La vie de ces Ecclésiastiques, par tout ce qui paroist au dehors, est fort réglée, et peut servir de bon exemple et d'un bon modèle aux séculiers qui la peuvent imiter ; mais comme ceux qui composent cette Colonie ne sont pas tous d'esgale force, ny de vertu pareille, ou n'ont pas tous les mesmes dispositions au bien, quelques-uns tombent aysement dans leur disgrâce pour ne pas se conformer à leur manière de vivre, ne pas suivre tous leurs sentiments, et ne s'abandonner pas à leur conduite qu'ils estendent jusques sur le temporel, empiétant mesme sur la police extérieure qui regarde le seul magistrat.
On a lieu de soupçonner que la pratique dans laquelle ils sont, qui n'est pas bien conforme à celle des Ecclésiastiques de l'Ancienne France, a pour but de partager l'autorité temporelle qui, jusques au temps de l'arrivée des troupes du Roy en Canada, résidoit principalement en leurs personnes.
A ce mal qui va jusques à géhenner (gêner) et contraindre les consciences, et par là desgoûter les colons les plus attachez au pays, on peut donner pour remède l'ordre de balancer avec adresse modération cette autorité par celle qui réside ez (dans les) personnes envoyées par Sa Majesté pour le Gouvernement: ce qui desjà esté pratiqué; de permettre de renvoyer un ou deux Ecclésiastiques de ceux qui reconnoissent moins cette autorité temporelle et qui troublent le plus par leur conduite le repos de la Colonie et introduire quatre Ecclésiastiques entre les séculiers ou les réguliers les faisant bien autoriser pour l'administration des sacremens sans qu'ils puissent estre inquiétez : autrement ils deviendroient inutiles au pays, parce que s'ils ne se conformoient pas à la pratique de ceux qui y sont aujourd'huy, M. l'Evesque leur déffendroit d'administrer les sacremens.
Pour estre mieux informé de cette conduite des consciences, on peut entendre Monsieur Dubois, Aumosnier du régiment de Carignan, qui a ouy plusiurs Confessions en secret, et à la desrobée et Monsieur de Bretonvilliers sur ce qu'il a appris par les Ecclésiastiques de son Séminaire estably à Mont-réal.
Outre ces Ecclésiastiques dont il est parlé, il y a onze Prestres du Séminaire de St.

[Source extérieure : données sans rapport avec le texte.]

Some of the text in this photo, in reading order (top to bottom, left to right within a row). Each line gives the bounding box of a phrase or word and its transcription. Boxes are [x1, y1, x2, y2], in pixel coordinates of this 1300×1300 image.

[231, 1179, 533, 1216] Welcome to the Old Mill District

Sulpice establis à Mont-Réal, et qui s'employent à y desservir la Cure principale avec les habitations adjacentes, du spirituel desquelles ils prennent soin, de mesme que de l'instruction des Sauvages vers lesquels ils ont commencé d'envoyer en missions, et de la jeunesse françoise.

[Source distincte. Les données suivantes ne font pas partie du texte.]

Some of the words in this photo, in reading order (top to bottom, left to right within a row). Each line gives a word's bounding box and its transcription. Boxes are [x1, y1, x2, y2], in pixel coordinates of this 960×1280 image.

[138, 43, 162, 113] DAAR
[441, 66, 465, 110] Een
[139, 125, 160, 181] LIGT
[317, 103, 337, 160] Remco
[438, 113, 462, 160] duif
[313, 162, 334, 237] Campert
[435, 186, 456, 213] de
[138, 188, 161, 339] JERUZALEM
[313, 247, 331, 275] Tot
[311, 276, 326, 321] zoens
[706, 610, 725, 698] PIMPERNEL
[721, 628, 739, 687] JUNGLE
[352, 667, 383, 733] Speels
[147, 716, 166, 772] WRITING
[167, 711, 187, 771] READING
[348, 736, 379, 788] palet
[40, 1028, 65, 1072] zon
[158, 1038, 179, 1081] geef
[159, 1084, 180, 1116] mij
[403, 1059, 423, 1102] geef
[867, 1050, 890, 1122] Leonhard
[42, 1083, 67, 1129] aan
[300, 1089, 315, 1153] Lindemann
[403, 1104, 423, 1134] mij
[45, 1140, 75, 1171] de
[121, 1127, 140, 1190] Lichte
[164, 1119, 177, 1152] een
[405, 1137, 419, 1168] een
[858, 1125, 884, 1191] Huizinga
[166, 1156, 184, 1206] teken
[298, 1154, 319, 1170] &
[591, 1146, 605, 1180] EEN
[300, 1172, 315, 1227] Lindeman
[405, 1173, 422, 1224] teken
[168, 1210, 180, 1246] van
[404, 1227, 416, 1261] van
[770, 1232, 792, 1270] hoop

Comme ces Ecclésiastiques ne sont à charge ni au Roy, ni au pays, à cause du bien qu'ils taransportent en Canada, et que d'ailleurs ils ne causent pas aux colons la peine d'eprit qu'ils ressentent par la conduite des autres, j'estime qu'il seroit bon d'inviter M. de Bretonvilliers à y en faire (passer) tous les ans quelques-uns. Ces Ecclésiastiques subsistent de leur revenu ; les Pères Jésuites, tant du leur, que des aumosnes envoyées de France, et de cinq mille livres de pension annuelle qu'on prend sur le fonds du pays pour soutenir leurs missions étrangères.

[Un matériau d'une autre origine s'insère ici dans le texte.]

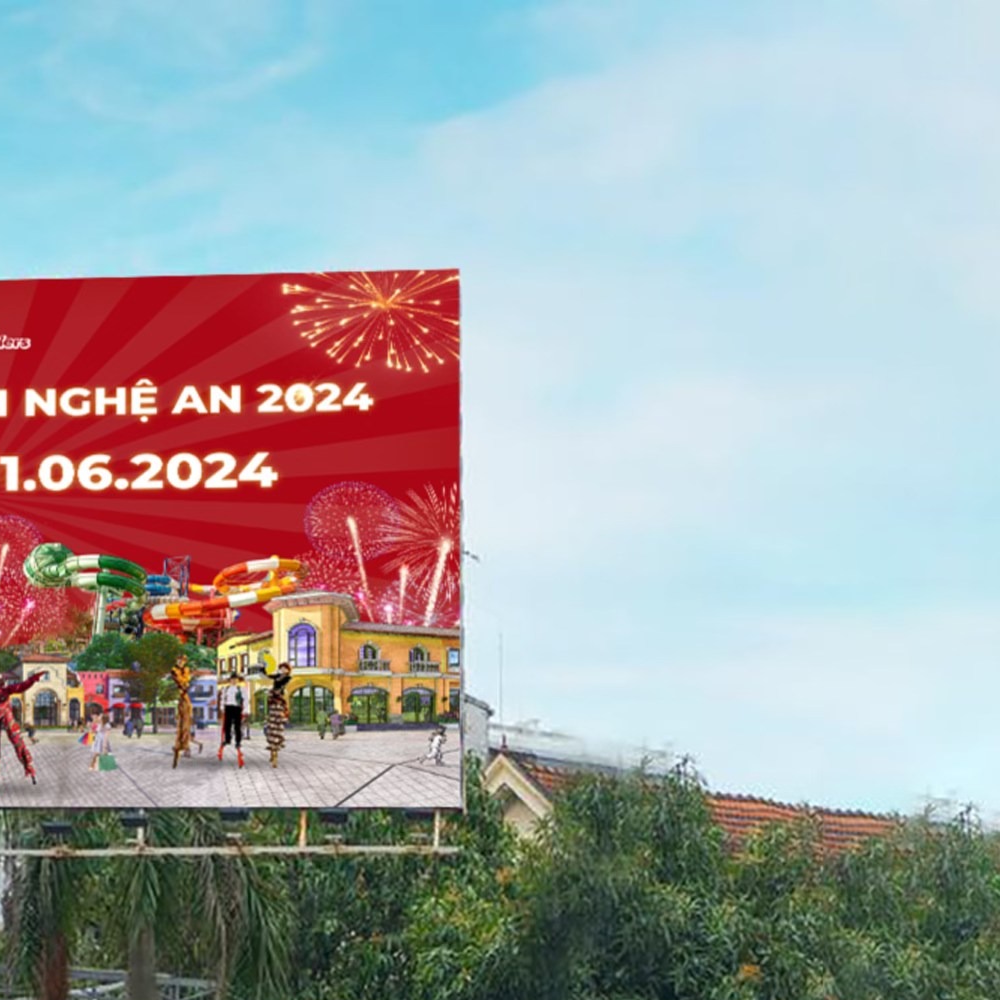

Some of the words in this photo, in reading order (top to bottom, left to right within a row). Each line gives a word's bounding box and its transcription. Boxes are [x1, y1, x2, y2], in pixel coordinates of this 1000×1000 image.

[24, 378, 158, 423] NGHỆ
[171, 384, 242, 414] AN
[256, 381, 375, 414] 2024

Le Séminaire de Monsieur l'Evesque subsiste tant de son revenu, consistant ez (dans ses) Seigneuries de l'Isle d'Orléans et Beaupré de deux mille livres de pension annuelle sur le fonds du pays outre mille livres pour l'entretenement de la Paroisse, prises sur le mesme fonds des dixmes qu'on a commencé d'establir pour elle, et de la gratification du Roy.
Outre ce nombre d'Ecclésiastiques, il y a trois maisons de Religieuses dans Québec: celle des Ursulines est composée de vingt-trois Religieuses qui s'appliquent à l'instruction des jeunes filles, et subsistent tant de leur fondation que de cinq cents livres de pension annuelle que le fonds du pays fournit, et principalement de leur œconomie. Ces Religieuses sont utiles.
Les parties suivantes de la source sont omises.